[Directions]
Below are records to give again exactly; omit each image they contain.

[Dataset records]
········
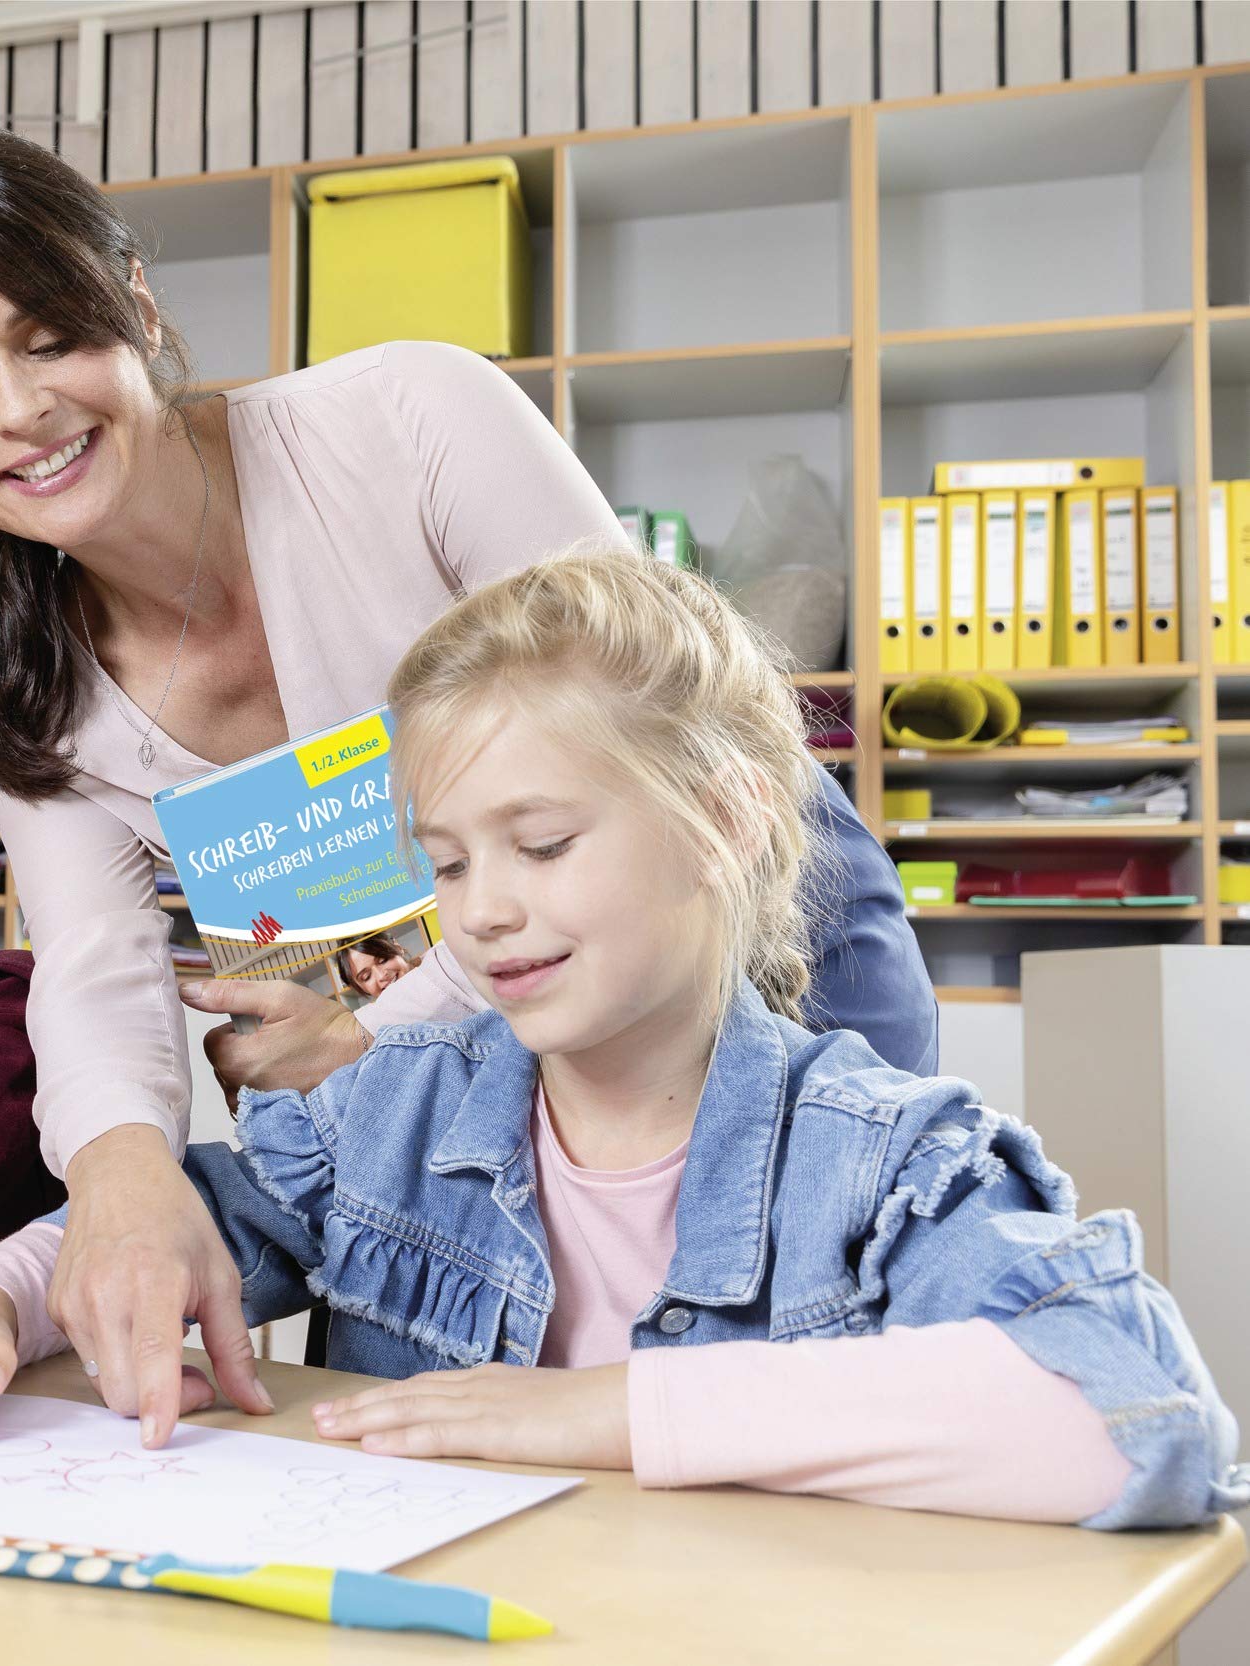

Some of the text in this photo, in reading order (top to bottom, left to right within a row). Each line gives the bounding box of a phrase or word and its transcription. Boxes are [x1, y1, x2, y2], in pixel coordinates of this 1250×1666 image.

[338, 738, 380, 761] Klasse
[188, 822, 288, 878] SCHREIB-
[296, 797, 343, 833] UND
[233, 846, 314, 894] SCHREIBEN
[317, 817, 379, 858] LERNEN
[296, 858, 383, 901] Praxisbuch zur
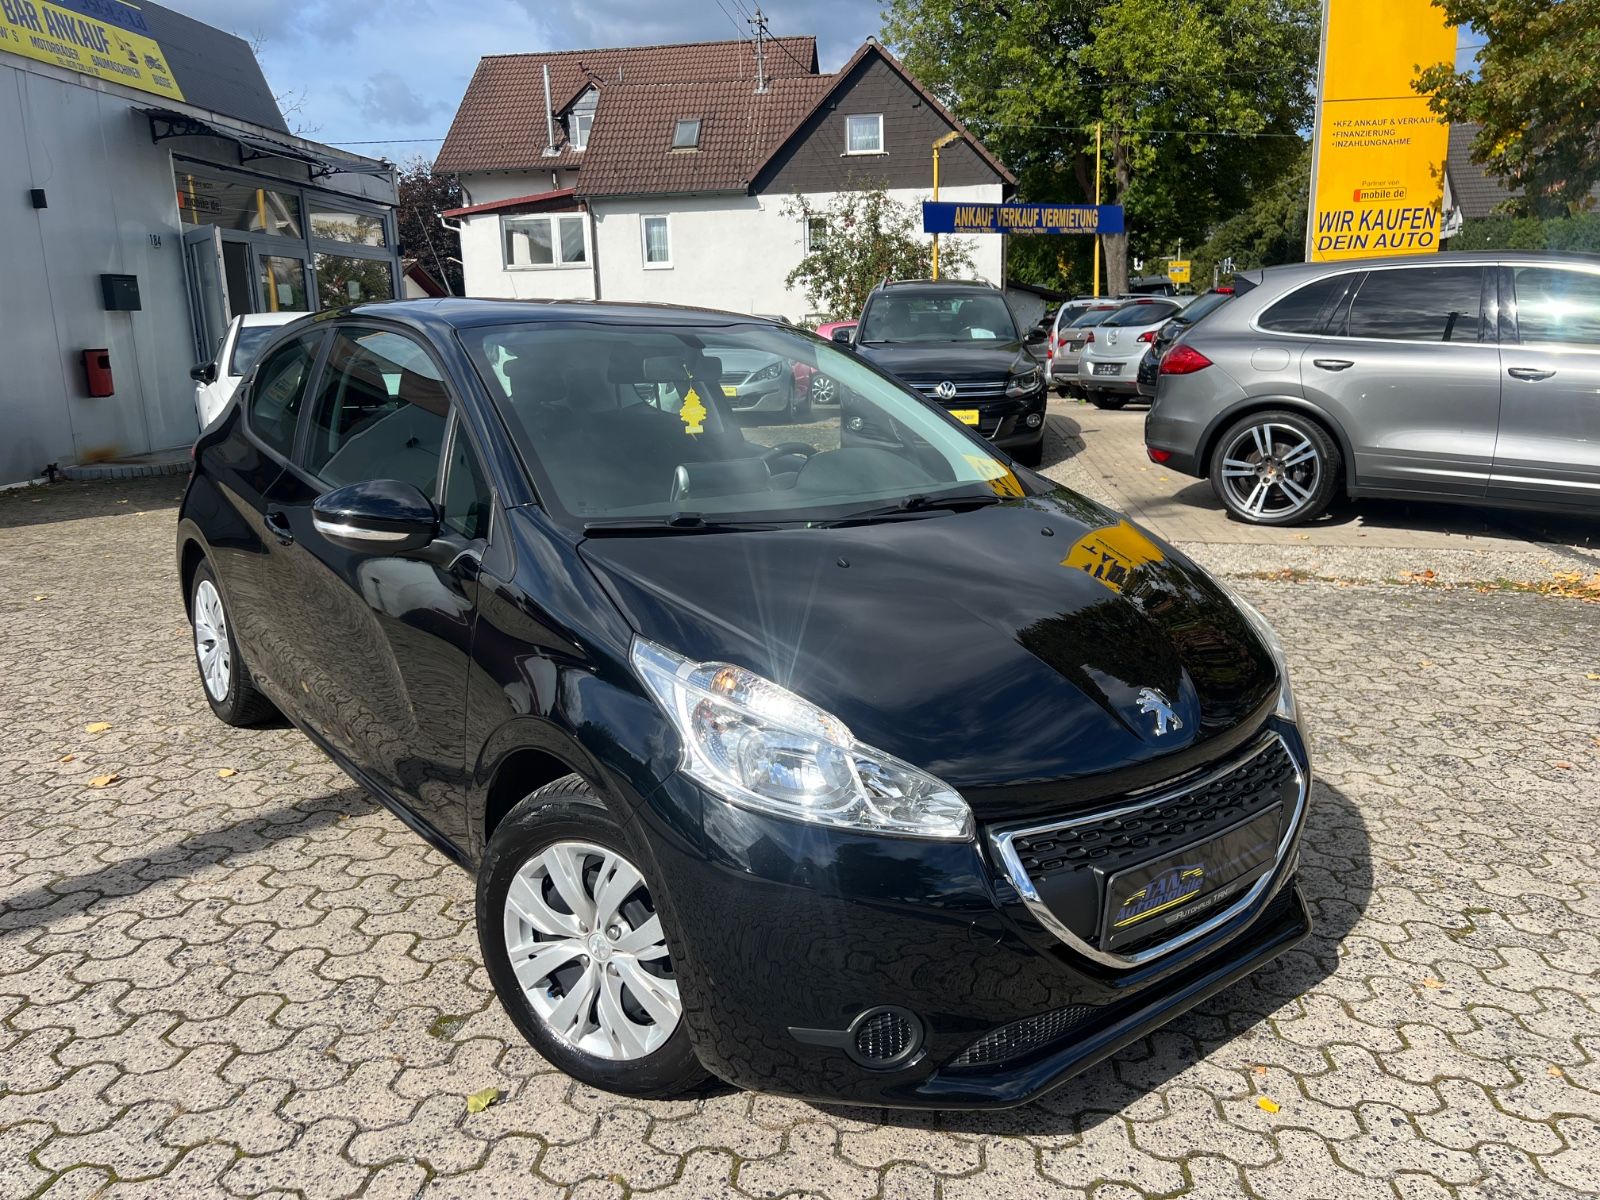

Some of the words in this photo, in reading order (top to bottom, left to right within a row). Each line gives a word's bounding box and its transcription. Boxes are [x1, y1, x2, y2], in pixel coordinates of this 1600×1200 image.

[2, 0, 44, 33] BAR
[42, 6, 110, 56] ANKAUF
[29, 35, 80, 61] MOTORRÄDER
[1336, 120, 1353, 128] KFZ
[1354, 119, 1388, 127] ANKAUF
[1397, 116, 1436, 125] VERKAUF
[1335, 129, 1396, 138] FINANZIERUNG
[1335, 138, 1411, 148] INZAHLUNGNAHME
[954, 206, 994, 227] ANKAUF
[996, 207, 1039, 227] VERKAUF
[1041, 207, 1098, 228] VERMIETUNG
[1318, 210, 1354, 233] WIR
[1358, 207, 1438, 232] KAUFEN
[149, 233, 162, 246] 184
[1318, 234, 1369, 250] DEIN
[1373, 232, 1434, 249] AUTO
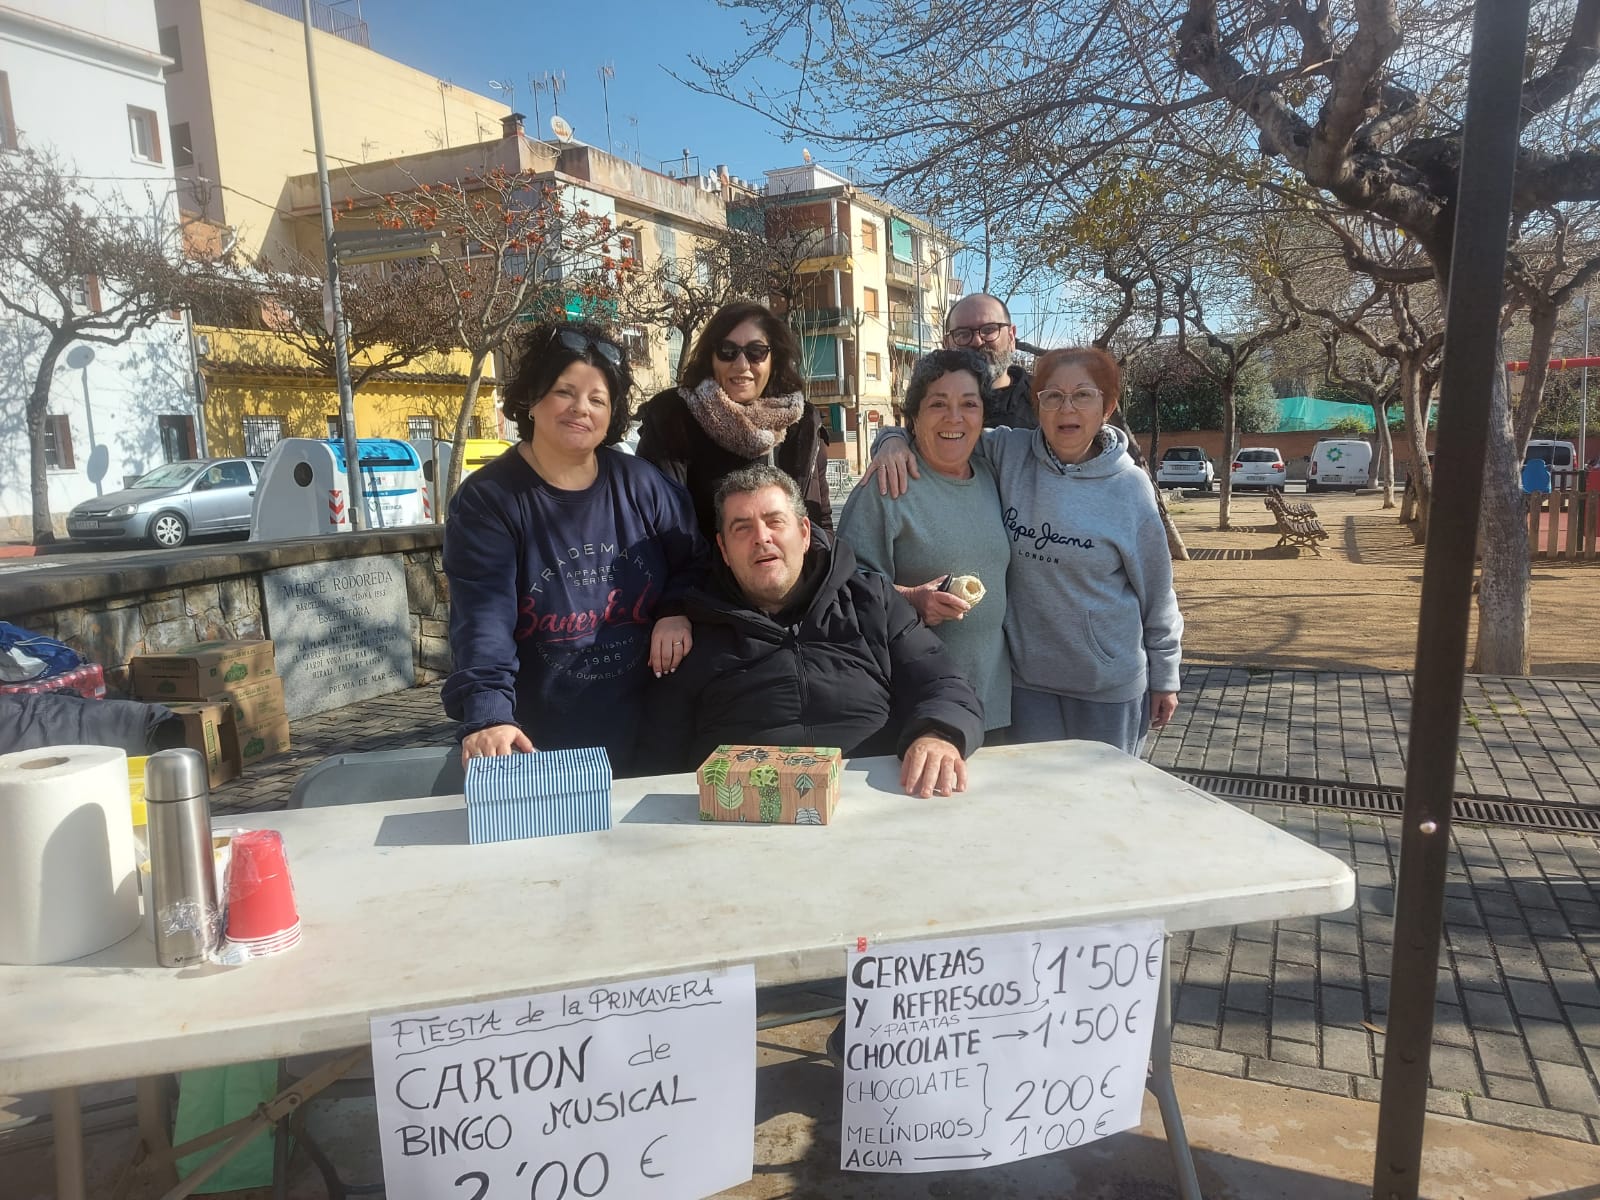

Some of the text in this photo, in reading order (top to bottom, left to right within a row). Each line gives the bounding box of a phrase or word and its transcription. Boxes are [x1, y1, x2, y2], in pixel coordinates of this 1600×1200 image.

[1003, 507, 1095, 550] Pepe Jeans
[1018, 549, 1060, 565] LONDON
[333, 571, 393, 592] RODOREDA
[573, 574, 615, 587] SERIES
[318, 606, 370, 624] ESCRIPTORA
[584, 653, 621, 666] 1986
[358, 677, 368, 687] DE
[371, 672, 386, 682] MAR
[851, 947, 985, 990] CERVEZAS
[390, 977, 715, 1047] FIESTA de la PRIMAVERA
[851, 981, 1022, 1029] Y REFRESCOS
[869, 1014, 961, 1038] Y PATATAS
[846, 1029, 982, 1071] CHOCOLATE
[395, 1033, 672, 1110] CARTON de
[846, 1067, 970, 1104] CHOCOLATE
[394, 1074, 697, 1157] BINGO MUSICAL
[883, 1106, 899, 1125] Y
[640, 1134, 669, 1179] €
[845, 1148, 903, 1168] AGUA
········
[Exercise answer]
Some of the text in this photo, in reading order (top to bottom, left to right within a row). Each line gives the bounding box of a phrase or word and its transcription. Boxes are [x1, y1, x2, y2], in pixel coordinates of this 1250×1666 image.

[338, 738, 380, 761] Klasse
[188, 822, 288, 878] SCHREIB-
[296, 797, 343, 833] UND
[233, 846, 314, 894] SCHREIBEN
[317, 817, 379, 858] LERNEN
[296, 858, 383, 901] Praxisbuch zur

Some of the words in this photo, in reading order (top to bottom, left to right within a row). Each line gives a word's bounding box and its transcription. Boxes are [x1, y1, x2, y2], in pixel coordinates of this 1600×1200 image.

[2, 0, 44, 33] BAR
[42, 6, 110, 56] ANKAUF
[29, 35, 80, 61] MOTORRÄDER
[1336, 120, 1353, 128] KFZ
[1354, 119, 1388, 127] ANKAUF
[1397, 116, 1436, 125] VERKAUF
[1335, 129, 1396, 138] FINANZIERUNG
[1335, 138, 1411, 148] INZAHLUNGNAHME
[954, 206, 994, 227] ANKAUF
[996, 207, 1039, 227] VERKAUF
[1041, 207, 1098, 228] VERMIETUNG
[1318, 210, 1354, 233] WIR
[1358, 207, 1438, 232] KAUFEN
[149, 233, 162, 246] 184
[1318, 234, 1369, 250] DEIN
[1373, 232, 1434, 249] AUTO

Some of the text in this photo, in reading order (top to bottom, left to right within a row). Each line gives the bounding box of a phrase or word and its transcription. Boxes are [x1, y1, x2, y2], in pixel coordinates of this 1600×1200 image.

[1003, 507, 1095, 550] Pepe Jeans
[1018, 549, 1060, 565] LONDON
[333, 571, 393, 592] RODOREDA
[573, 574, 615, 587] SERIES
[318, 606, 370, 624] ESCRIPTORA
[584, 653, 621, 666] 1986
[358, 677, 368, 687] DE
[371, 672, 386, 682] MAR
[851, 947, 985, 990] CERVEZAS
[390, 977, 715, 1047] FIESTA de la PRIMAVERA
[851, 981, 1022, 1029] Y REFRESCOS
[869, 1014, 961, 1038] Y PATATAS
[846, 1029, 982, 1071] CHOCOLATE
[395, 1033, 672, 1110] CARTON de
[846, 1067, 970, 1104] CHOCOLATE
[394, 1074, 697, 1157] BINGO MUSICAL
[883, 1106, 899, 1125] Y
[640, 1134, 669, 1179] €
[845, 1148, 903, 1168] AGUA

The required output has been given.